# Material provided
★ ★ ★
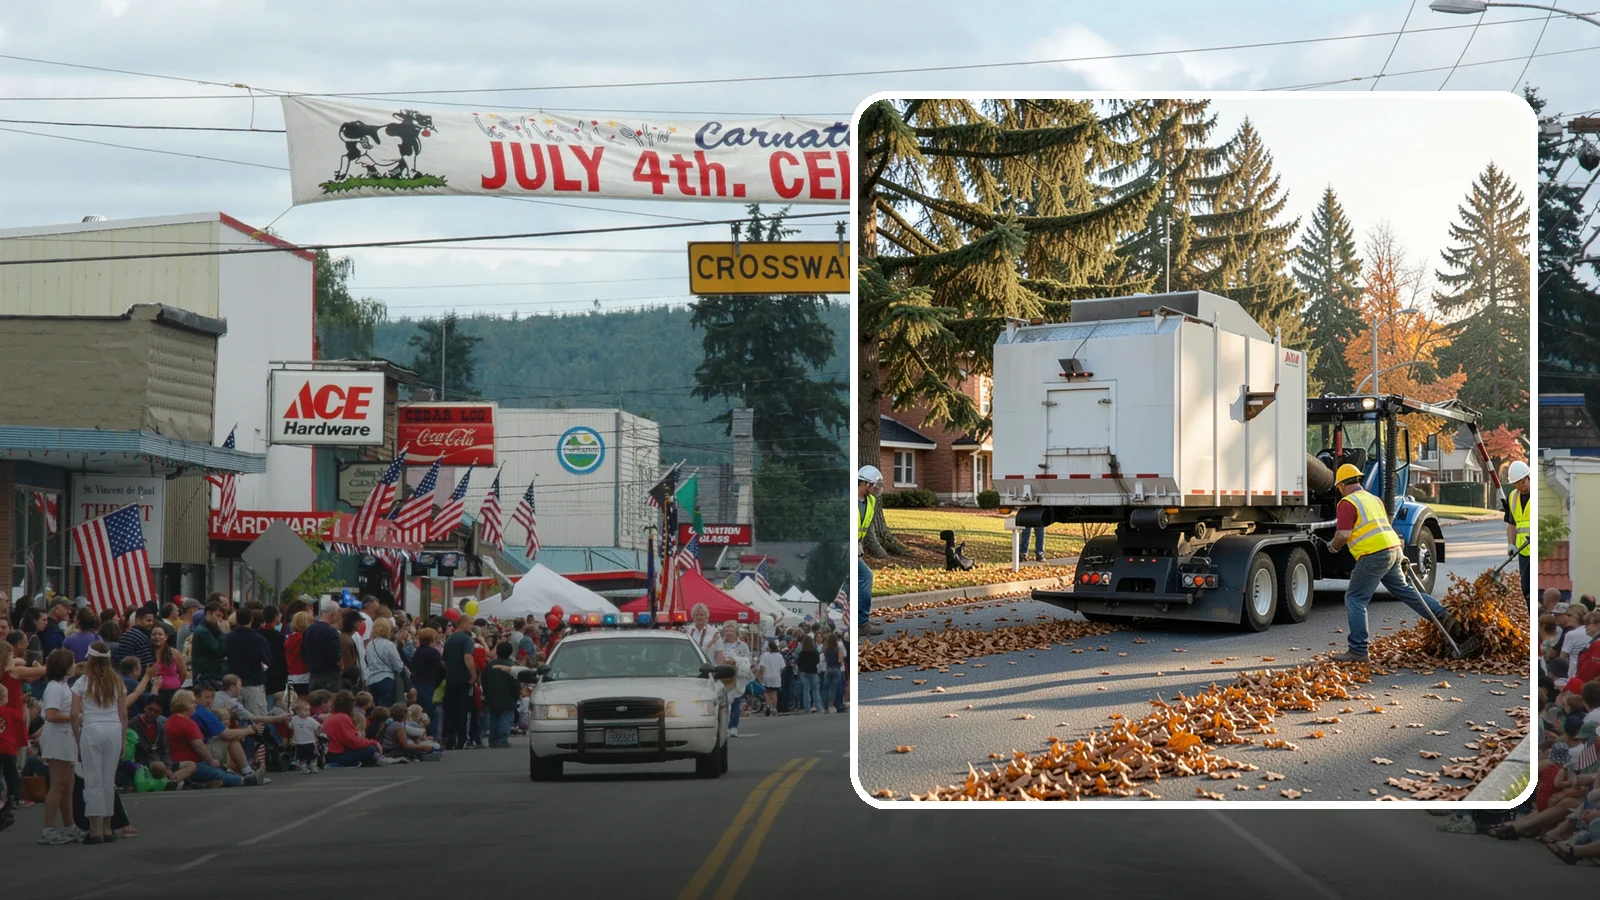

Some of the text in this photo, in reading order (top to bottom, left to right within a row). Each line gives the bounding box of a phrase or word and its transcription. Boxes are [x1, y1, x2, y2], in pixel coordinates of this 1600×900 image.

[481, 141, 605, 192] JULY
[632, 150, 747, 198] 4th.
[697, 254, 850, 280] CROSSWA
[282, 380, 373, 420] ACE
[406, 410, 452, 422] CEDAR
[283, 421, 370, 436] Hardware
[353, 467, 386, 480] Simpl
[95, 485, 124, 495] Vincent
[126, 486, 136, 495] de
[137, 486, 155, 495] Paul
[81, 503, 154, 522] THT
[688, 526, 741, 535] CRNATION
[699, 535, 731, 543] GLASS
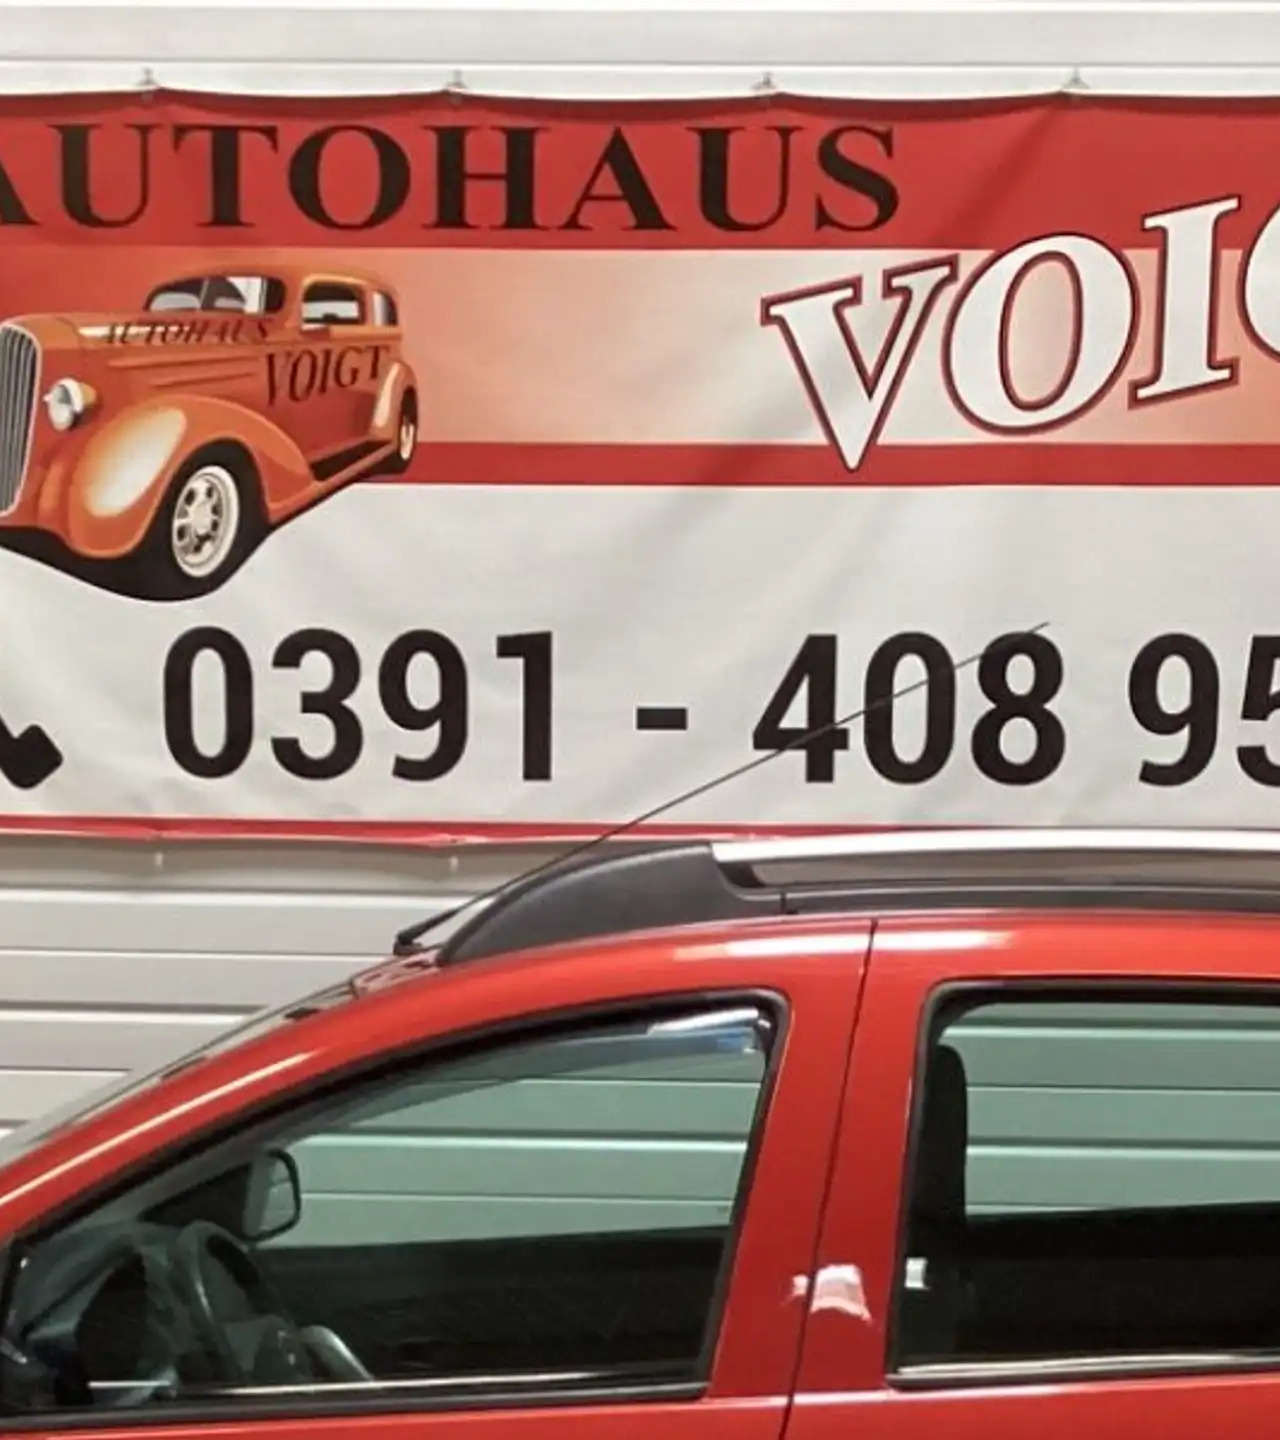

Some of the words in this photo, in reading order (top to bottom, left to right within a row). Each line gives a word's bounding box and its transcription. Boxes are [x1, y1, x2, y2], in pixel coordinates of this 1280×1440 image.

[101, 318, 273, 346] AUTOHAUS
[263, 345, 391, 407] VOIGT
[162, 626, 554, 784] 0391
[752, 630, 1066, 787] 408
★ ★ ★
# Work item
The pictures alone are to be left out when the data above is copied; all else must match exactly.

# Answer below
Some of the text in this photo, in reading order (top to bottom, left to right within a row). Each line gives the bounding box of a phrase or word and its transcription. Boxes are [x1, y1, x2, y2], in pixel coordinates of this 1600×900 image.

[481, 141, 605, 192] JULY
[632, 150, 747, 198] 4th.
[697, 254, 850, 280] CROSSWA
[282, 380, 373, 420] ACE
[406, 410, 452, 422] CEDAR
[283, 421, 370, 436] Hardware
[353, 467, 386, 480] Simpl
[95, 485, 124, 495] Vincent
[126, 486, 136, 495] de
[137, 486, 155, 495] Paul
[81, 503, 154, 522] THT
[688, 526, 741, 535] CRNATION
[699, 535, 731, 543] GLASS

Some of the words in this photo, in reading order (top to bottom, left to right within a row). Each line gives a word's bounding box and its transcription. Boxes are [x1, y1, x2, y2], in pixel coordinates of this 1280×1440 image.

[101, 318, 273, 346] AUTOHAUS
[263, 345, 391, 407] VOIGT
[162, 626, 554, 784] 0391
[752, 630, 1066, 787] 408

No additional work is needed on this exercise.